Output the data as it stands. Each line must match exactly.

--- Data to use Enclosed Below ---

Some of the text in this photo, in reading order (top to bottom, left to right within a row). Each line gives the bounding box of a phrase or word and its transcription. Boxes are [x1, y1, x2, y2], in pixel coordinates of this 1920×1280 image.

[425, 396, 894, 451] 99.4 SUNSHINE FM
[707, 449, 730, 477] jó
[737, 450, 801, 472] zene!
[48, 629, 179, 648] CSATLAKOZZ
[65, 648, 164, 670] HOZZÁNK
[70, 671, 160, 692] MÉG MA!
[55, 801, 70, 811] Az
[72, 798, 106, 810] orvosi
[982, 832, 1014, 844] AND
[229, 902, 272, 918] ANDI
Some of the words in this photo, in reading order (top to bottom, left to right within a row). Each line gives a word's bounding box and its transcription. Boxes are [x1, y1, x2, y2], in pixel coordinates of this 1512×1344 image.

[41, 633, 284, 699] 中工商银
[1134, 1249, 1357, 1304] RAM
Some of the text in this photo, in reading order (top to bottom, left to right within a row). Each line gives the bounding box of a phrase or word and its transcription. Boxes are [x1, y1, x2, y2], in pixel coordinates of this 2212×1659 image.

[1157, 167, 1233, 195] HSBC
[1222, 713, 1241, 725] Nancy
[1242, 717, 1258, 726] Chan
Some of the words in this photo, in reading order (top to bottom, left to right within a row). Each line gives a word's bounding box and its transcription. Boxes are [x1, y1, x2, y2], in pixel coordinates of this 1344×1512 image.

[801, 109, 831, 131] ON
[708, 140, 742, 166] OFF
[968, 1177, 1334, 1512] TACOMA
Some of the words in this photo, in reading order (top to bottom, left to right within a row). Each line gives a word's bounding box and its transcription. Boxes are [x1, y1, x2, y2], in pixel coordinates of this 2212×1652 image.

--- End of Enclosed Data to use ---

**Answer to this problem**
Some of the text in this photo, in reading order (top to bottom, left to right within a row). Each line gives the bounding box of a phrase or word and its transcription. Boxes are [x1, y1, x2, y2], in pixel coordinates of this 1920×1280 image.

[425, 396, 894, 451] 99.4 SUNSHINE FM
[707, 449, 730, 477] jó
[737, 450, 801, 472] zene!
[48, 629, 179, 648] CSATLAKOZZ
[65, 648, 164, 670] HOZZÁNK
[70, 671, 160, 692] MÉG MA!
[55, 801, 70, 811] Az
[72, 798, 106, 810] orvosi
[982, 832, 1014, 844] AND
[229, 902, 272, 918] ANDI
Some of the words in this photo, in reading order (top to bottom, left to right within a row). Each line gives a word's bounding box and its transcription. Boxes are [x1, y1, x2, y2], in pixel coordinates of this 1512×1344 image.

[41, 633, 284, 699] 中工商银
[1134, 1249, 1357, 1304] RAM
Some of the text in this photo, in reading order (top to bottom, left to right within a row). Each line gives the bounding box of a phrase or word and its transcription. Boxes are [x1, y1, x2, y2], in pixel coordinates of this 2212×1659 image.

[1157, 167, 1233, 195] HSBC
[1222, 713, 1241, 725] Nancy
[1242, 717, 1258, 726] Chan
Some of the words in this photo, in reading order (top to bottom, left to right within a row). Each line gives a word's bounding box and its transcription. Boxes are [x1, y1, x2, y2], in pixel coordinates of this 1344×1512 image.

[801, 109, 831, 131] ON
[708, 140, 742, 166] OFF
[968, 1177, 1334, 1512] TACOMA
Some of the words in this photo, in reading order (top to bottom, left to right within a row). Each line gives a word's bounding box and its transcription. Boxes are [x1, y1, x2, y2], in pixel coordinates of this 2212×1652 image.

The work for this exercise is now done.